Configuration and Customization
When the script is imported, it provides a class named Reconstructive
.
An instance from this class can be created with various configuration options.
The instance has following public members:
exclusions
- Object of rerouting exclusion functions.reroute
- Callback function to be bound on fetch event.rewrite
- Function to rewrite response to fix any replay issues and add an archival banner.createBanner
- Function to return the banner markup to therewrite
function.
Update Configurations
The constructor
method of the Reconstructive
class accepts an object that allows overwriting default configuration options and adding new members as necessary.
Following are the default options:
{
id: `${NAME}:${VERSION}`,
urimPattern: `${self.location.origin}/memento/<datetime>/<urir>`,
bannerElementLocation: `${self.location.origin}/reconstructive-banner.js`,
bannerLogoLocation: '',
bannerLogoHref: '/',
showBanner: false,
debug: false
}
To instantiate an object rc
with custom configurations, initialize as following:
const rc = new Reconstructive({
urimPattern: `${self.location.origin}/archived/<datetime>/<urir>`,
bannerElementLocation: 'https://oduwsdl.github.io/Reconstructive/reconstructive-banner.js',
bannerLogoLocation: 'https://oduwsdl.github.io/Reconstructive/resources/reconstructive-logo.svg',
bannerLogoHref: `${self.location.origin}`,
showBanner: true,
debug: true,
customColor: '#0C383B'
});
We have updated four existing options and added a new one, customColor
, which we can use later in our custom logic.
Adding Exclusions
The exclusions
property of the class is an object of functions.

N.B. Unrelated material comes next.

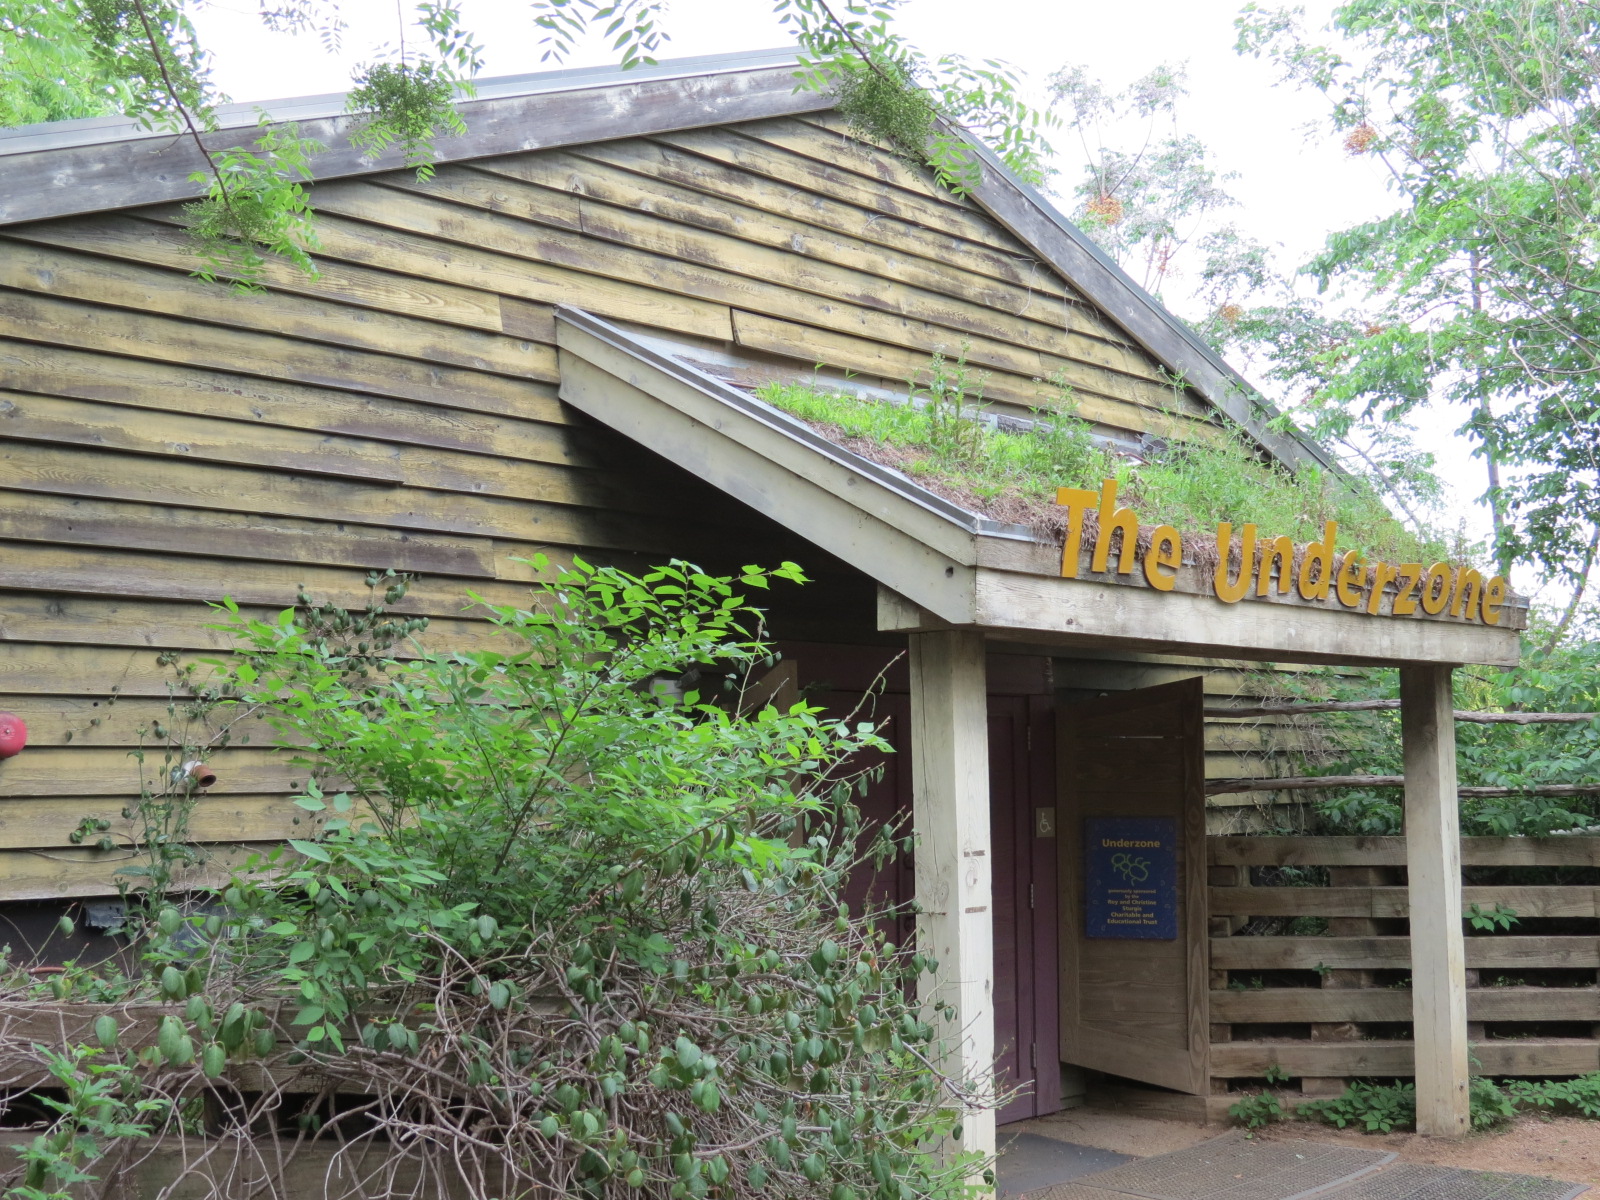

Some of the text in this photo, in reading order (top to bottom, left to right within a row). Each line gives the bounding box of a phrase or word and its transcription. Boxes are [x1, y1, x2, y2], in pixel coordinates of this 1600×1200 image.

[1056, 478, 1506, 625] The Underzone
[1102, 838, 1161, 848] Underzone
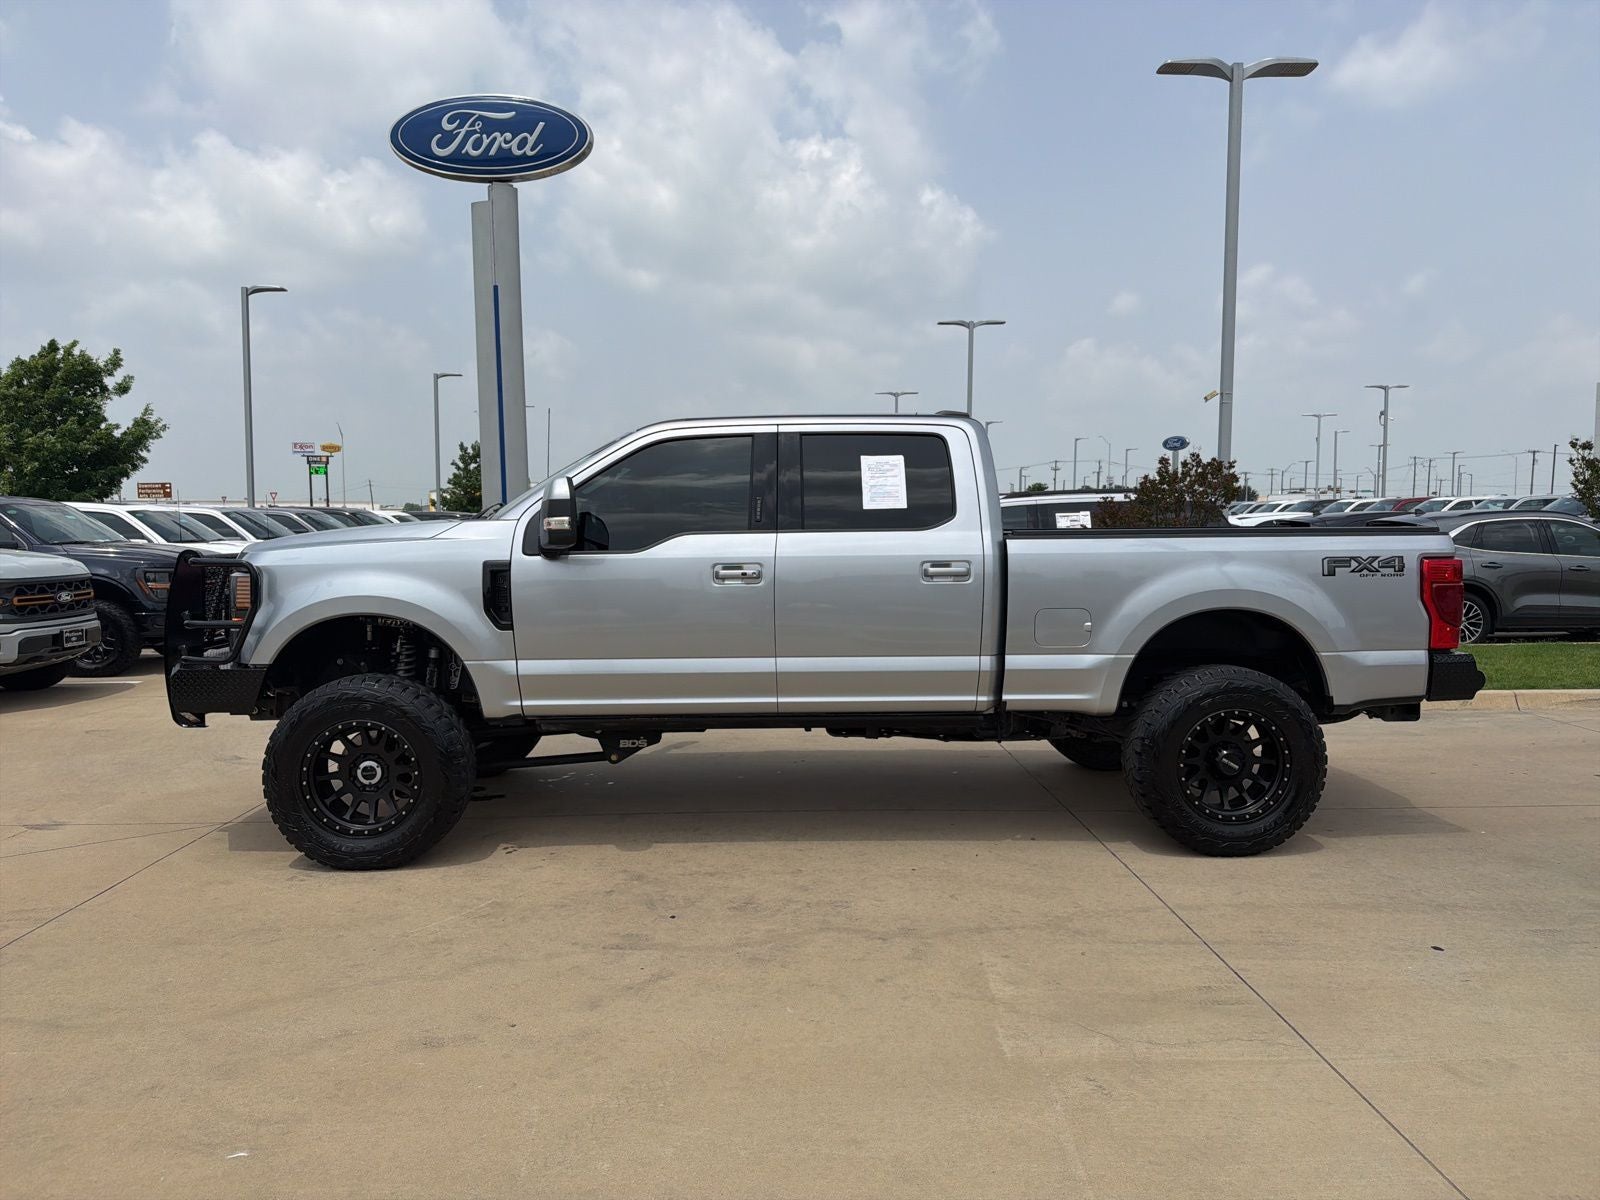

Each member of this object checks for certain criteria and returns a boolean to express whether or not the fetch event should be excluded from being rerouted.
Following is the default exclusions object.
{
notGet: event => event.request.method !== 'GET',
bannerElement: event => this.showBanner && event.request.url.endsWith(this.bannerElementLocation),
bannerLogo: event => this.showBanner && this.bannerLogoLocation && event.request.url.endsWith(this.bannerLogoLocation),
localResource: event => !(this._regexps.urimPattern.test(event.request.url) || this._regexps.urimPattern.test(event.request.referrer))
}
Add more members to the object to add more exclusions or modify/delete existing ones.
rc.exclusions.analytics = event => event.request.url.endsWith('custom-analytics.js');
We have added a new exclusion named analytics
which will return true
if the requested URL ends with custom-analytics.js
.
This exclusion will ensure that the request will not be routed to an archived version of the file.
In a practical application such exclusion rules should be kept very tight to avoid any false positives.
Custom Rerouting
Reconstructive does not register itself as a ServiceWorker, instead it is added as a module to an existing ServiceWorker for archival replay rerouting logic.
Hence, it is possible to have some custom ServiceWorker logic in place while selectively calling reroute()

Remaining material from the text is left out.